## PROBLEM TO SOLVE:
Would you repeat each line below exactly, without the pictures?

[Data extracted from a collection]
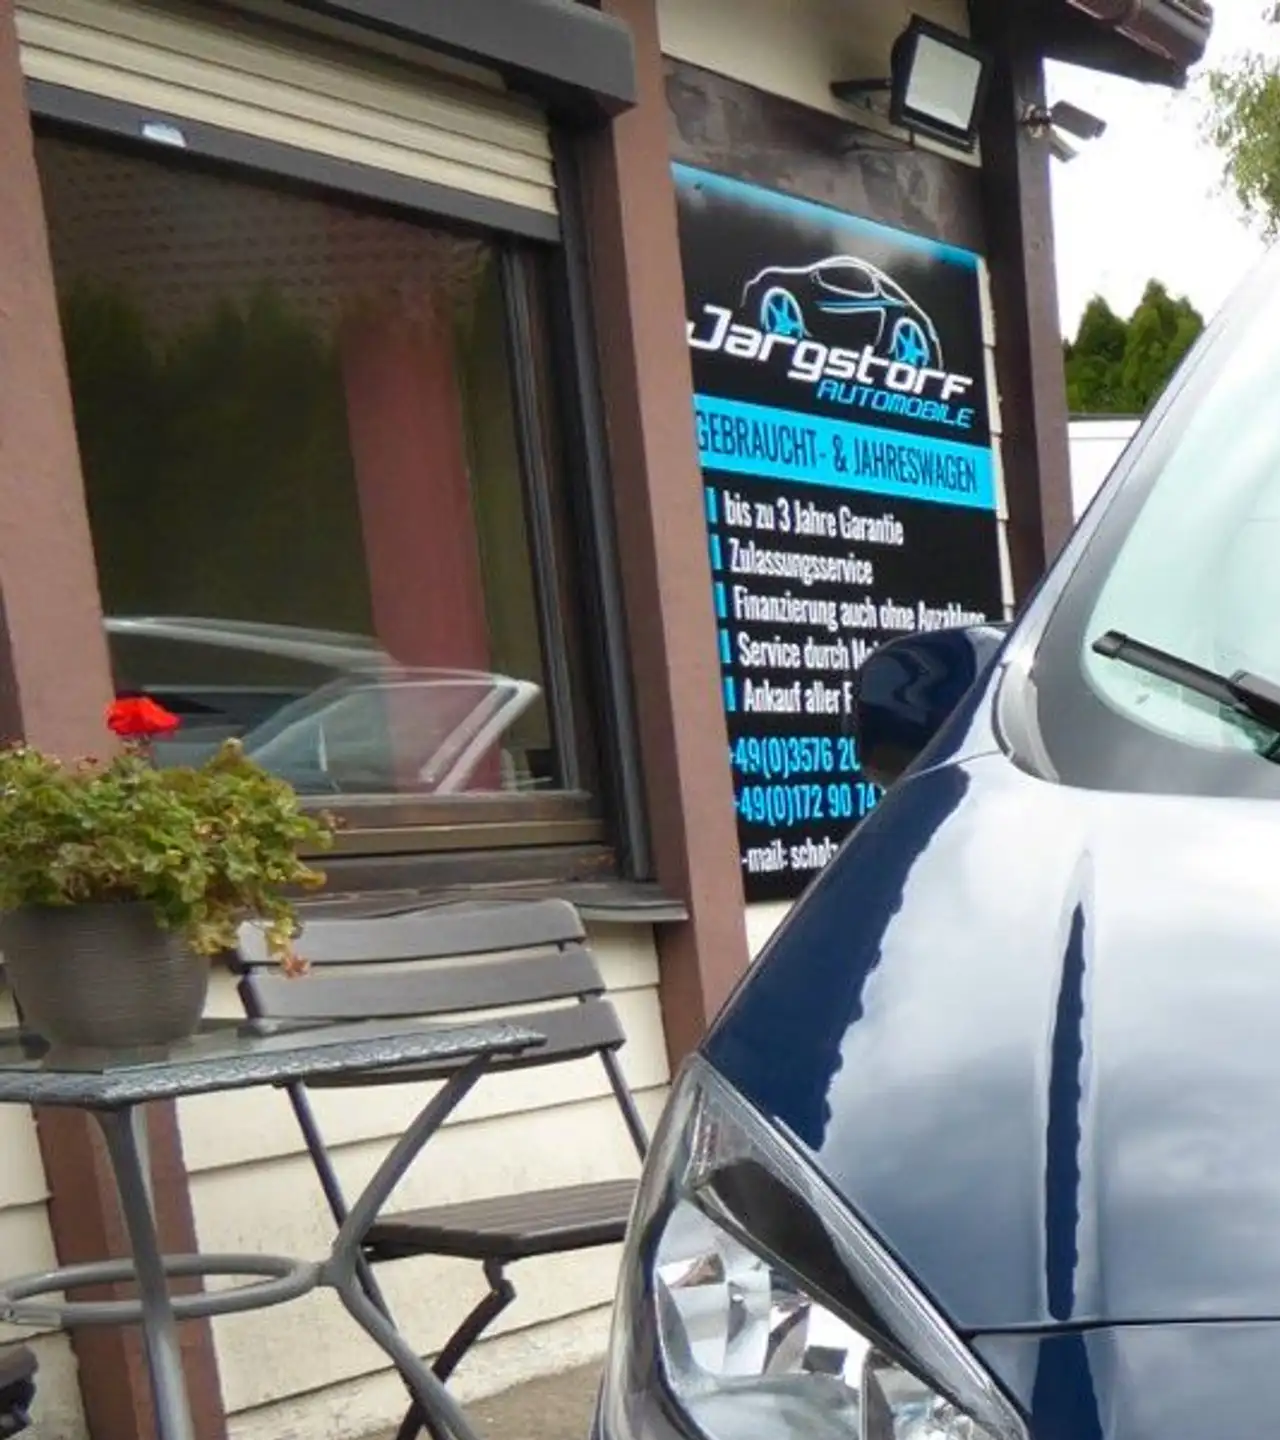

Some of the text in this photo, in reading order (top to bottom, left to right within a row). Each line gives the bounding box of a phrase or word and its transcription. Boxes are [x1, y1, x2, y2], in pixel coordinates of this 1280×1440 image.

[696, 411, 977, 493] GEBRAUCHT- & JAHRESWAGEN
[724, 490, 904, 545] bis zu 3 Jahre Garantie
[729, 538, 873, 586] Zulassungsservice
[734, 586, 838, 631] Finanzierung
[841, 595, 877, 629] auch
[880, 599, 915, 630] ohne
[738, 633, 801, 669] Service
[804, 638, 849, 671] durch
[743, 681, 802, 713] Ankauf
[804, 684, 840, 714] aller
[827, 784, 852, 818] 90

## YOUR SOLUTION:
Some of the text in this photo, in reading order (top to bottom, left to right within a row). Each line gives the bounding box of a phrase or word and its transcription. Boxes are [x1, y1, x2, y2], in pixel coordinates of this 1280×1440 image.

[696, 411, 977, 493] GEBRAUCHT- & JAHRESWAGEN
[724, 490, 904, 545] bis zu 3 Jahre Garantie
[729, 538, 873, 586] Zulassungsservice
[734, 586, 838, 631] Finanzierung
[841, 595, 877, 629] auch
[880, 599, 915, 630] ohne
[738, 633, 801, 669] Service
[804, 638, 849, 671] durch
[743, 681, 802, 713] Ankauf
[804, 684, 840, 714] aller
[827, 784, 852, 818] 90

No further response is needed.